[Records from a data source]
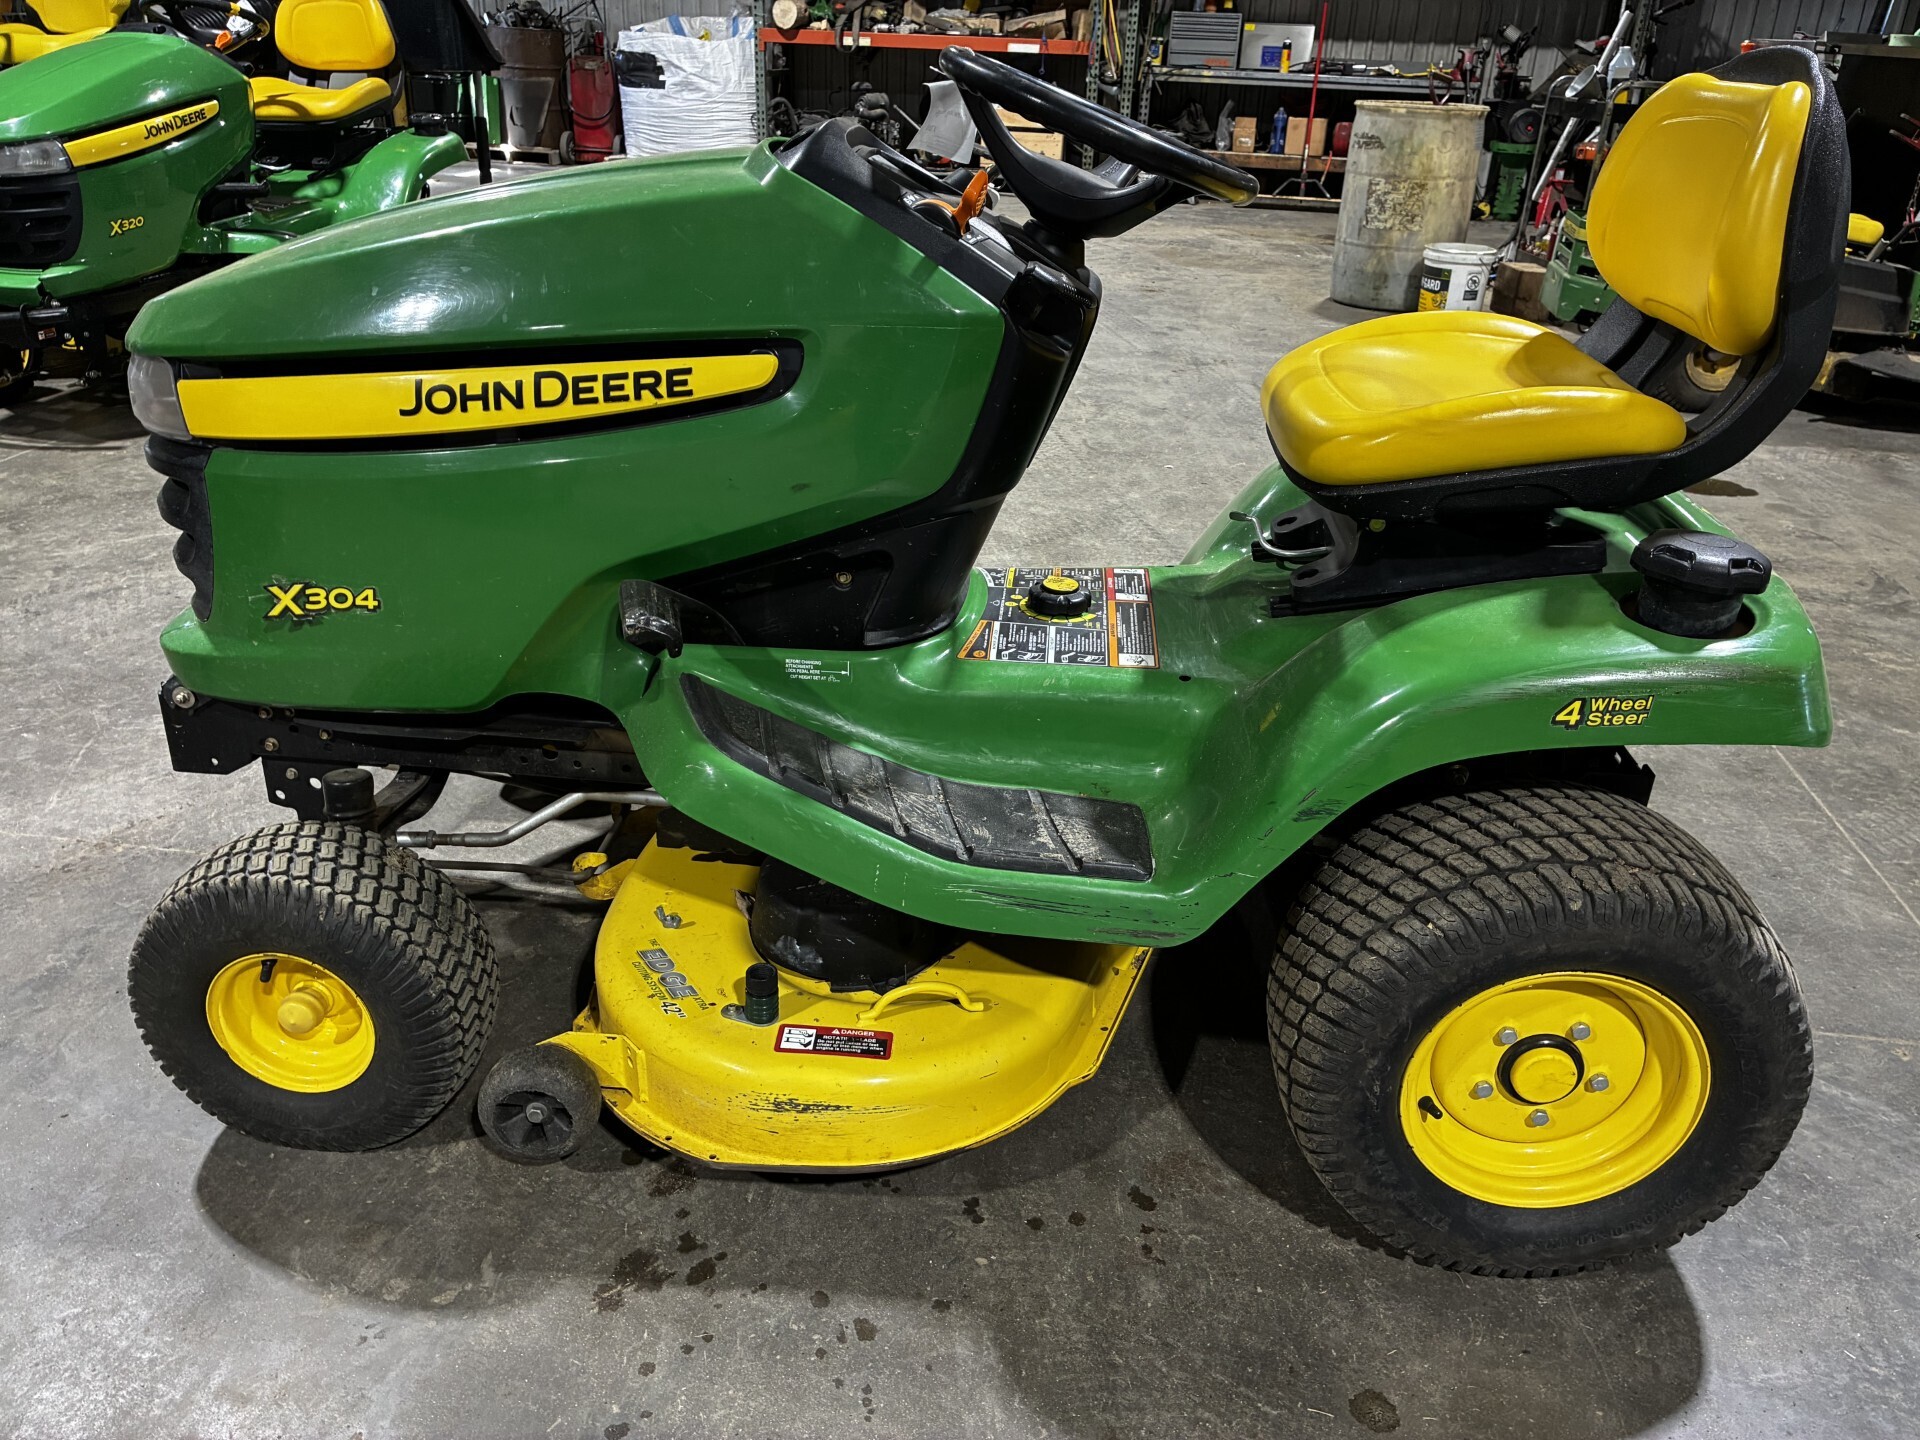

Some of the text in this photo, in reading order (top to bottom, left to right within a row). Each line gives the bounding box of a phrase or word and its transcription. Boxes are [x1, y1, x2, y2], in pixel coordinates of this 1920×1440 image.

[144, 108, 207, 140] JOHN DEERE
[110, 216, 144, 236] X320
[399, 366, 693, 416] JOHN DEERE
[264, 582, 380, 616] X304
[1553, 695, 1653, 727] 4 Wheel
[1586, 712, 1648, 726] Steer
[632, 961, 687, 1018] CUTTING SYSTEM 42"
[637, 948, 699, 999] EDGE
[692, 996, 709, 1011] XTRA
[841, 1029, 875, 1037] DANGER

Task instructions →
Copy every line of the data word for word, omitting the images.

Answer box →
Some of the text in this photo, in reading order (top to bottom, left to right within a row). Each line gives the bounding box of a phrase or word and its transcription. Boxes are [x1, y1, x2, y2], in pixel coordinates of this 1920×1440 image.

[144, 108, 207, 140] JOHN DEERE
[110, 216, 144, 236] X320
[399, 366, 693, 416] JOHN DEERE
[264, 582, 380, 616] X304
[1553, 695, 1653, 727] 4 Wheel
[1586, 712, 1648, 726] Steer
[632, 961, 687, 1018] CUTTING SYSTEM 42"
[637, 948, 699, 999] EDGE
[692, 996, 709, 1011] XTRA
[841, 1029, 875, 1037] DANGER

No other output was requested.